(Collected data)
-=-=-=-=-
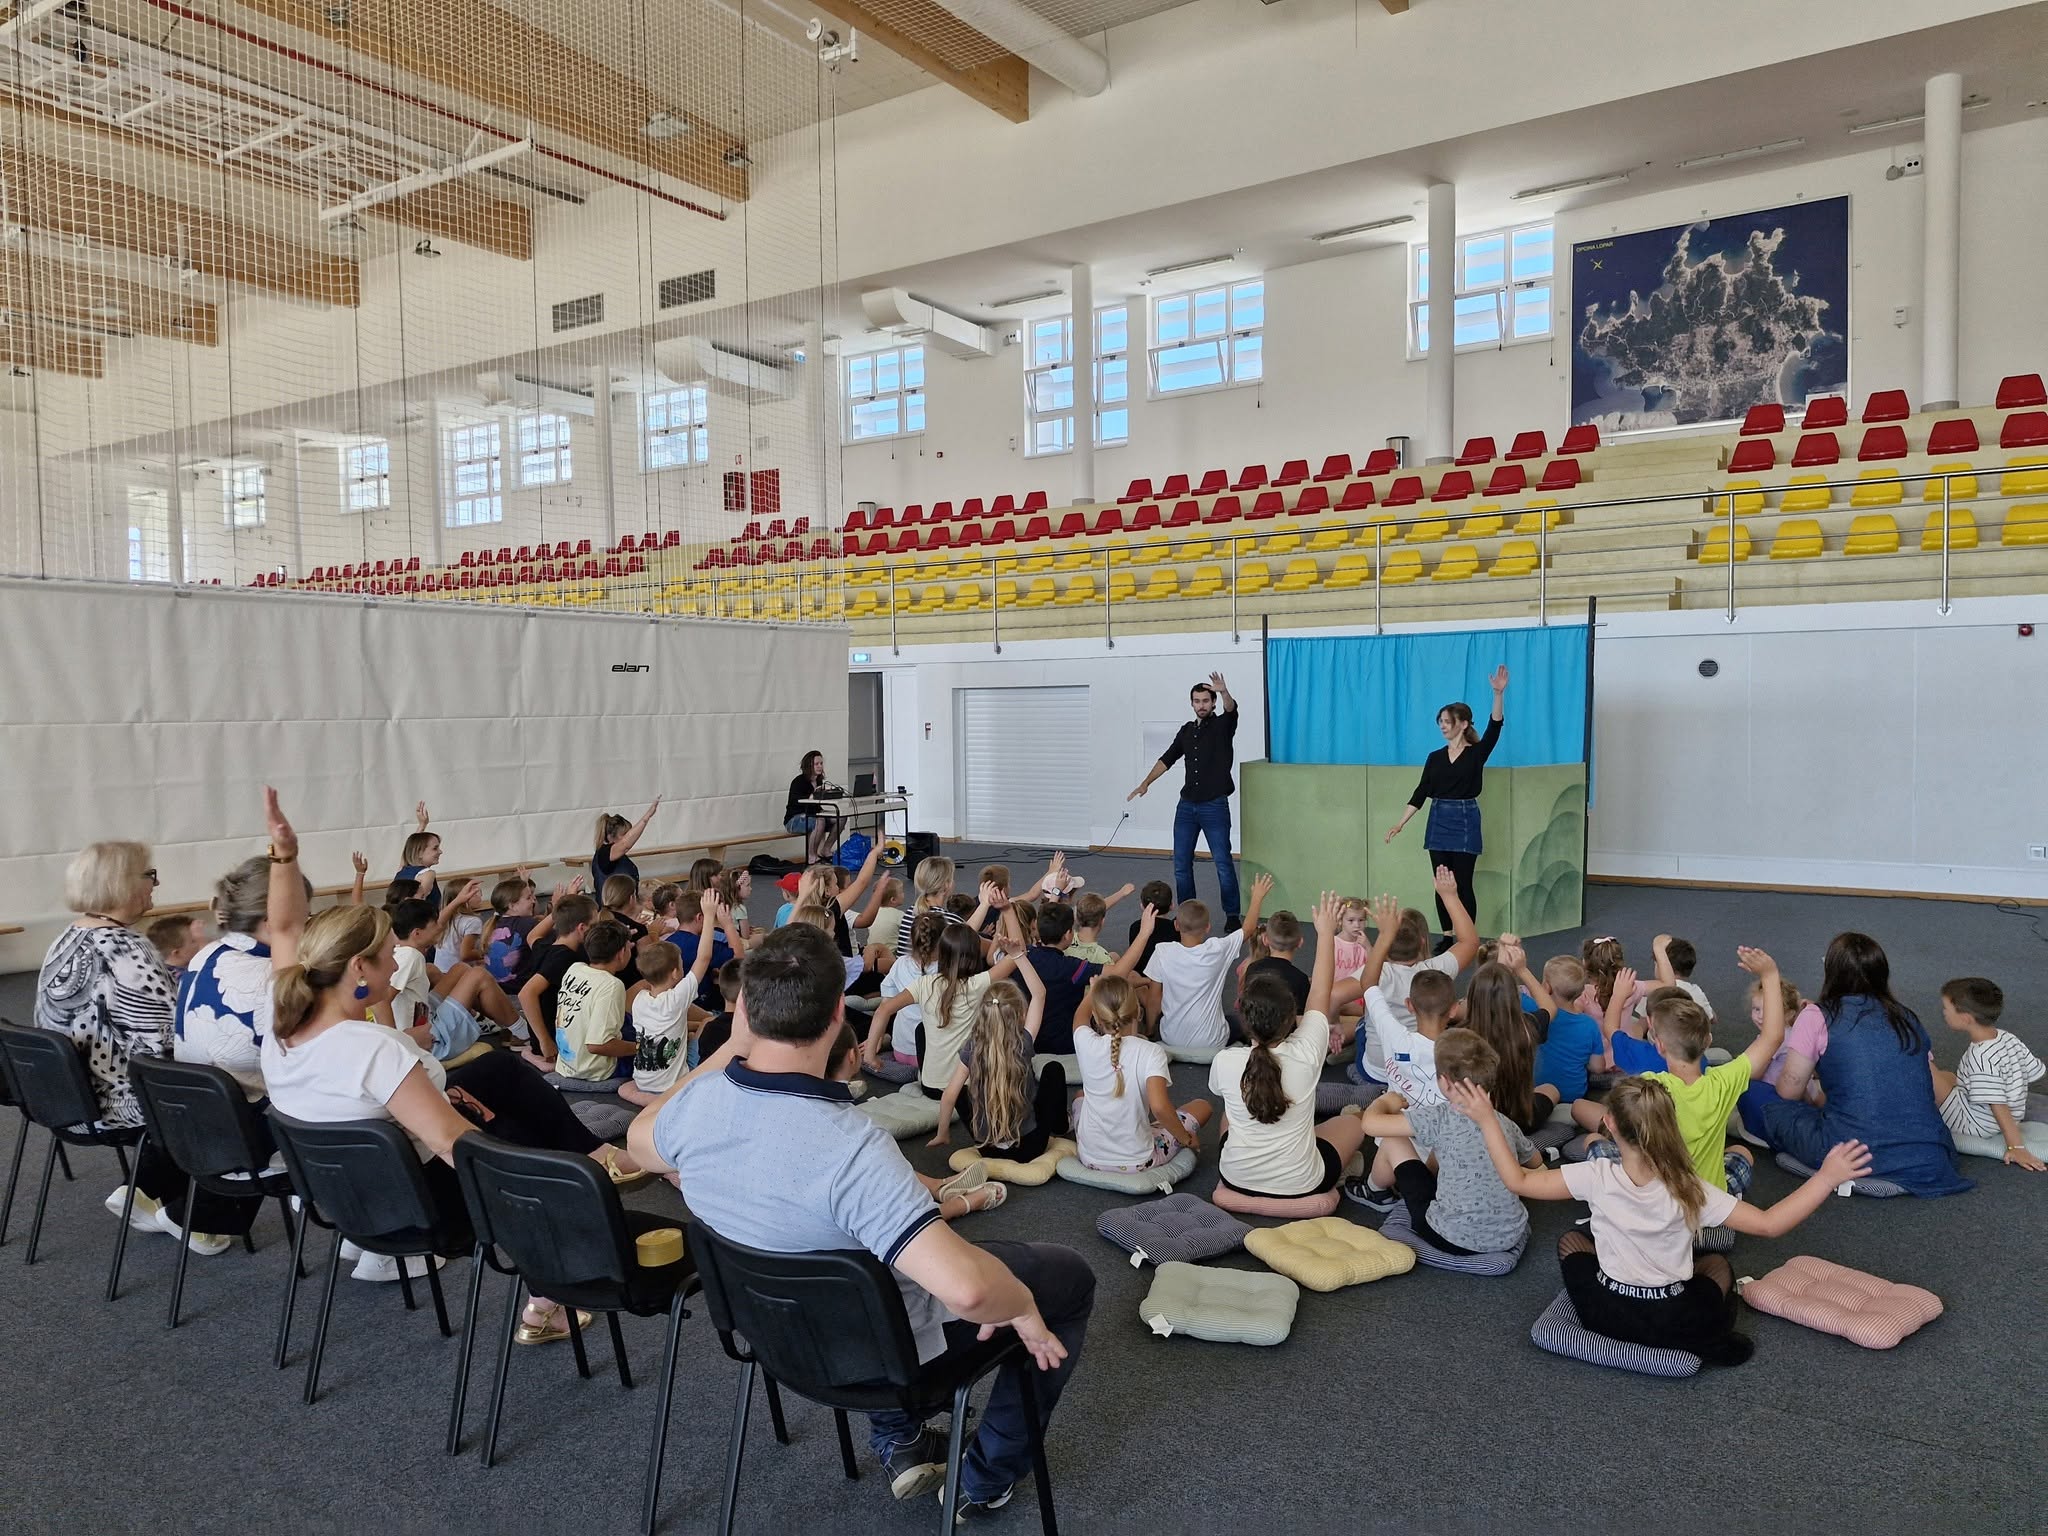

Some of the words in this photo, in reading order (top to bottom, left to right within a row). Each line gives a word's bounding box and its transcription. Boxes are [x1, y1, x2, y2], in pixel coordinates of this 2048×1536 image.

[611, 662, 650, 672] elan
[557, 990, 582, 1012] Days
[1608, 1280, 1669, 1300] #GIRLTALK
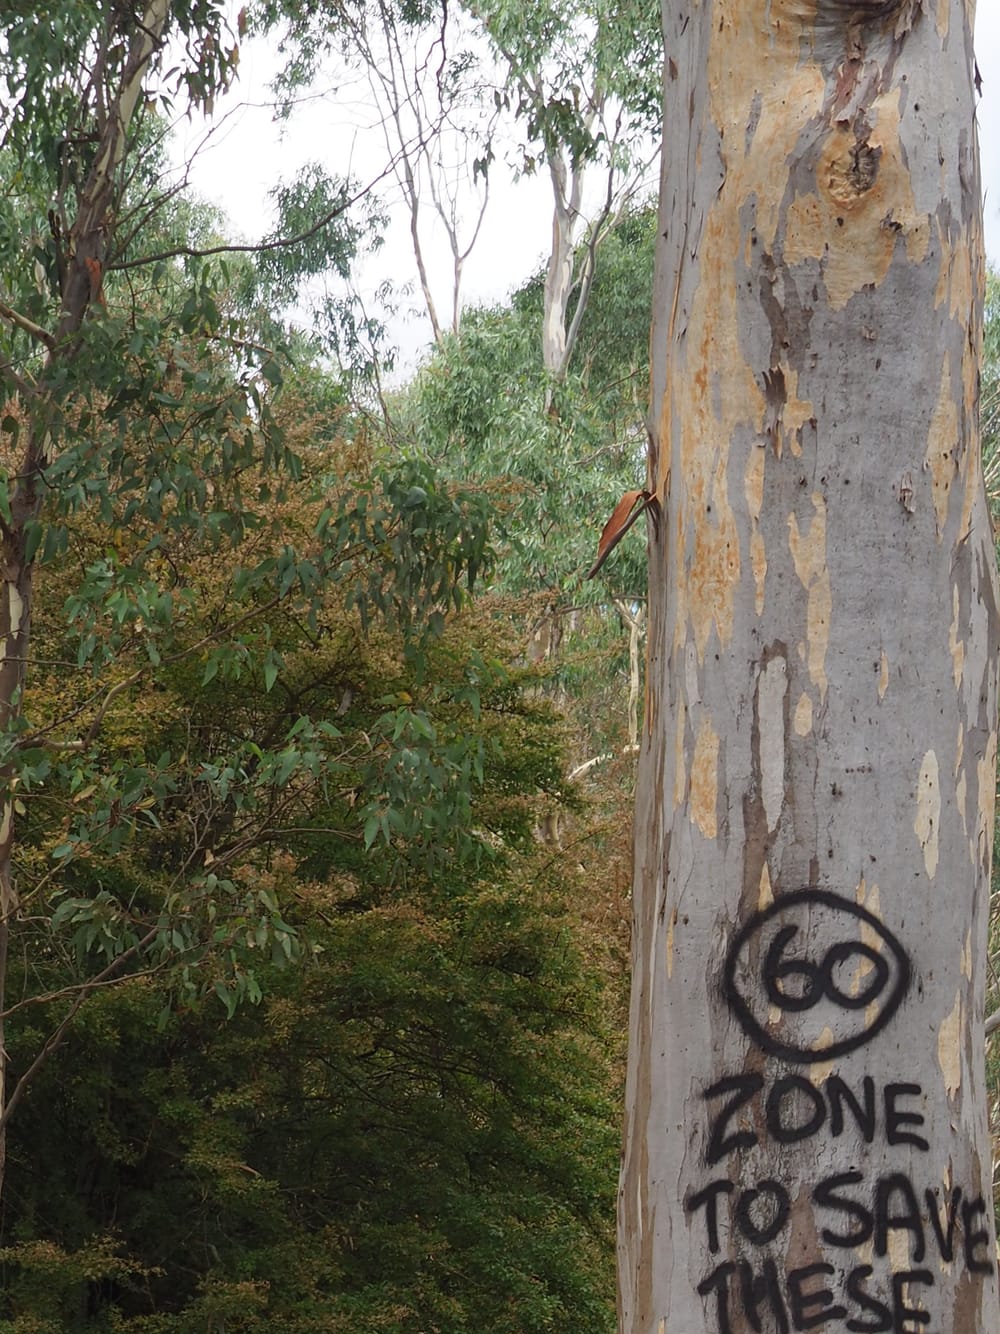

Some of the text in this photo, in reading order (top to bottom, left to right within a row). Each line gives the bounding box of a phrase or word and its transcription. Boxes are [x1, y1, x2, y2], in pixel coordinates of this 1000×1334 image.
-=-=-=-=-
Your task
Return the entries above in full and unchanged, omitting every image.

Answer section
Some of the words in this photo, in reading order (top to bottom, left to right within a row). Each line gives a word's bounding box and its transcription. Boxes are [x1, y1, x2, y2], in pixel coordinates of this 2048×1536 image.

[611, 662, 650, 672] elan
[557, 990, 582, 1012] Days
[1608, 1280, 1669, 1300] #GIRLTALK

Some of the text in this photo, in reading order (top to bottom, left to right within a row). Each line gives the bounding box of a phrase or word and its transcription. Boxes are [x1, y1, x2, y2], in pixel coordinates of this 1000×1334 image.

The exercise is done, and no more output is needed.